What makes these statistics especially troubling is that California’s low-wage workers are older and more educated than they were 35 years ago. Only 5 percent are teenagers, down from 16 percent in 1979, and 48 percent have some college experience or more, up from 39 percent in 1979. Because they’re more skilled, experienced and educated, we’d expect them to be better paid. But even as worker productivity in the U.S. has increased over the last four decades, the earnings of low-wage workers, after adjusting for inflation, have declined in our state and across the country.

California is not going to be able to educate itself out of the low-wage jobs problem because the link between more education and higher pay is becoming more tenuous. Wages for college graduates have declined by 6.5 percent in real terms since 2000. And official projections show that 7 out of the top 10 growth jobs over the next decade will be low-wage occupations.

As a country we are beginning to acknowledge our inequality crisis, with growing and legitimate concern about the share of income – and political power – going to the top 1 percent. But the flip side of the story is the millions of low-wage jobs that trap workers and their families in never-ending cycles of economic insecurity.

Every part of our state’s economy is affected, ranging from restaurants and retail to the critical caregiving sector, where home care and child care workers who do some of the most important jobs in our society can barely support their own loved ones.
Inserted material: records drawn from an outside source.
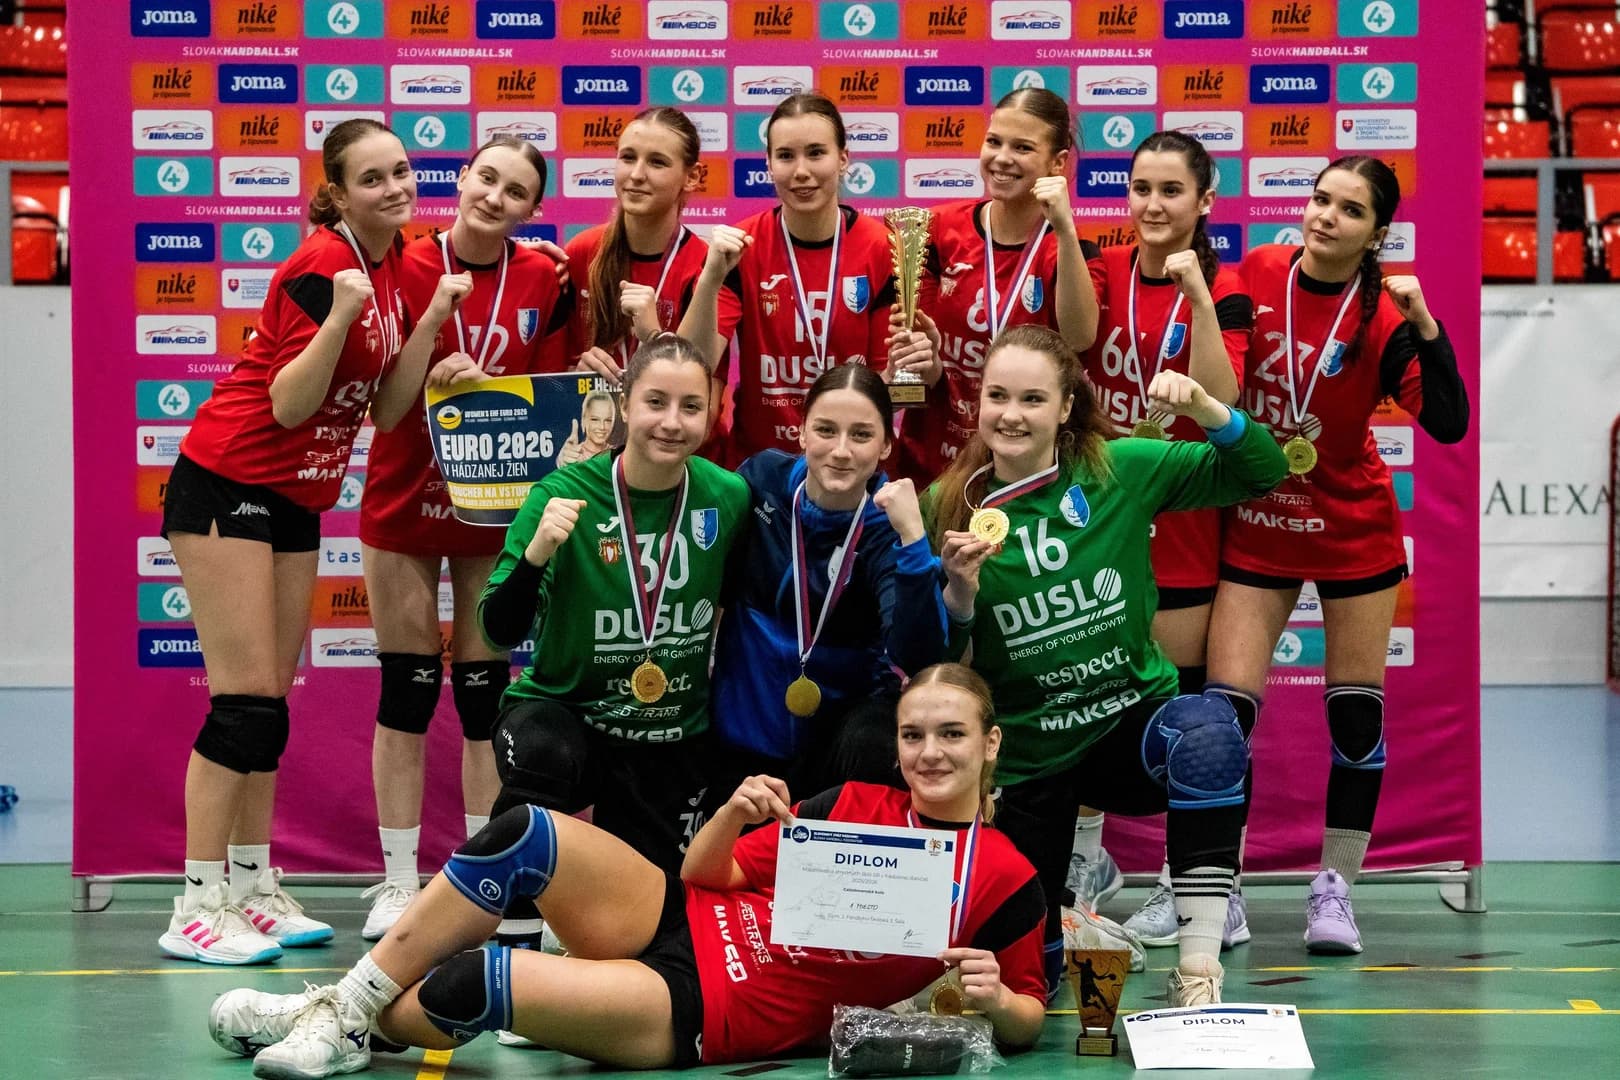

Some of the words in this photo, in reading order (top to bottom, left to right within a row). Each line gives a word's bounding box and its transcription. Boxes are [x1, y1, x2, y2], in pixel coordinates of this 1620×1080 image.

[237, 2, 276, 26] niké
[410, 2, 449, 26] niké
[582, 4, 621, 27] niké
[754, 4, 793, 27] niké
[928, 5, 967, 26] niké
[1098, 5, 1137, 26] niké
[1272, 3, 1311, 25] niké
[182, 45, 299, 57] SLOVAKHANDBALL.SK
[397, 46, 513, 58] SLOVAKHANDBALL.SK
[610, 47, 726, 58] SLOVAKHANDBALL.SK
[822, 47, 939, 58] SLOVAKHANDBALL.SK
[1036, 47, 1152, 58] SLOVAKHANDBALL.SK
[1251, 46, 1369, 57] SLOVAKHANDBALL.SK
[152, 69, 192, 91] niké
[497, 70, 537, 91] niké
[839, 71, 879, 92] niké
[1184, 70, 1223, 90] niké
[240, 116, 280, 137] niké
[583, 115, 623, 137] niké
[925, 117, 965, 137] niké
[1270, 115, 1310, 137] niké
[416, 168, 458, 184] oma
[1088, 170, 1130, 186] Jom
[184, 205, 301, 217] SLOVAKHANDBALL.SK
[156, 272, 197, 295] niké
[440, 433, 494, 462] EURO
[497, 430, 555, 460] 2026
[443, 463, 450, 477] V
[451, 461, 504, 478] HÁDZANEJ
[506, 460, 529, 477] ŽIEN
[326, 549, 361, 564] tas
[1015, 517, 1069, 577] 16
[634, 532, 690, 594] 30
[1009, 643, 1044, 661] ENERGY
[1045, 638, 1060, 651] OF
[1060, 630, 1087, 646] YOUR
[1088, 613, 1127, 636] GROWTH
[594, 654, 632, 665] ENERGY
[670, 645, 704, 659] GROWTH
[834, 852, 898, 869] DIPLOM
[1182, 1017, 1246, 1026] DIPLOM
The inequality debate often focuses on globalization and new technology, but we know that the decline of unions and the falling real value of the minimum wage have also played critical roles. And we’re just beginning to understand the effects of financialization and how Wall Street’s incessant demand for short-term profits leads companies to stop making long-term investments in their workers.

While many of these causes are complex and will take years to address, there is low-hanging fruit in terms of policy solutions. Raising and enforcing the minimum wage sits at the top of that list. A robust state minimum wage, combined with higher wage rates in expensive cities, can begin California’s pivot off the inequality path and change a job and pay structure that is hollowing out our middle class.

Staying on our current path toward greater inequality is not sustainable. The cost to low-wage workers and their families includes the immediate strain of constantly having to choose whether to pay for food, housing or electricity, as well as the longer-term effects of poorer health outcomes, shorter life expectancies and lower educational attainment for their children.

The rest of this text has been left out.